• AIM OF THE EXERCISE:
Each entry below is to be transcribed exactly; pictures are not copied.

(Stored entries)
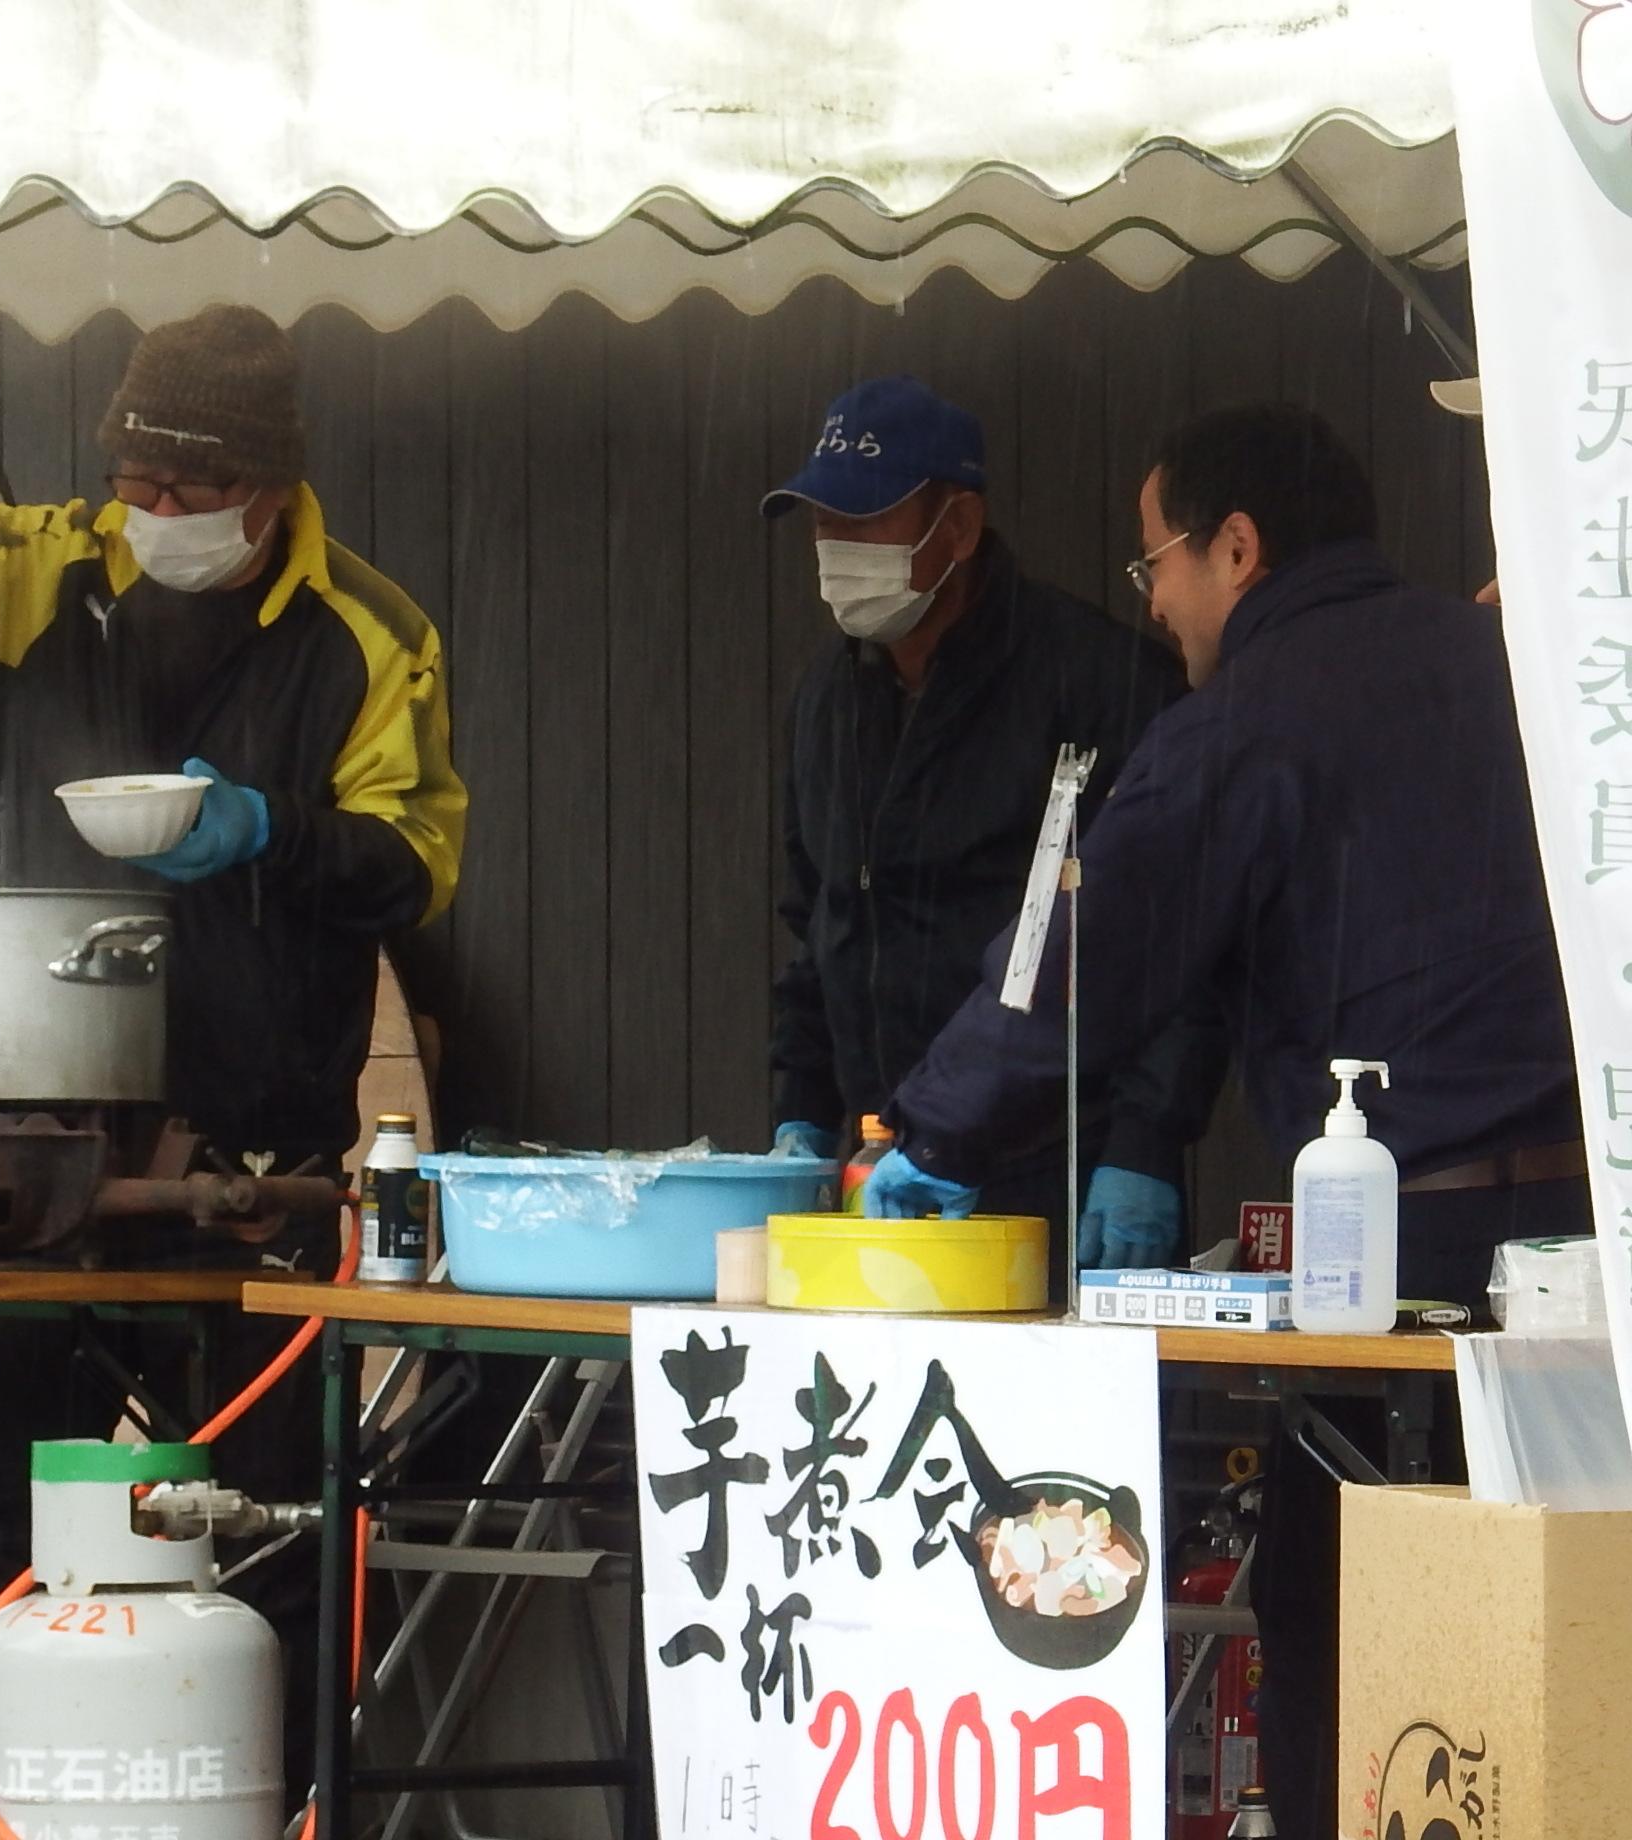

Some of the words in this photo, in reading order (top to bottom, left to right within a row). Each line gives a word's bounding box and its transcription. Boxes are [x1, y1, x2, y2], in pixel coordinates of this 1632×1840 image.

[1248, 1211, 1285, 1265] 消
[648, 1325, 1034, 1600] 芋煮会
[659, 1584, 813, 1723] 一杯
[809, 1687, 1131, 1840] 200円

• TASK ANSWER:
Some of the words in this photo, in reading order (top to bottom, left to right within a row). Each line gives a word's bounding box and its transcription. Boxes are [x1, y1, x2, y2], in pixel coordinates of this 1632×1840 image.

[1248, 1211, 1285, 1265] 消
[648, 1325, 1034, 1600] 芋煮会
[659, 1584, 813, 1723] 一杯
[809, 1687, 1131, 1840] 200円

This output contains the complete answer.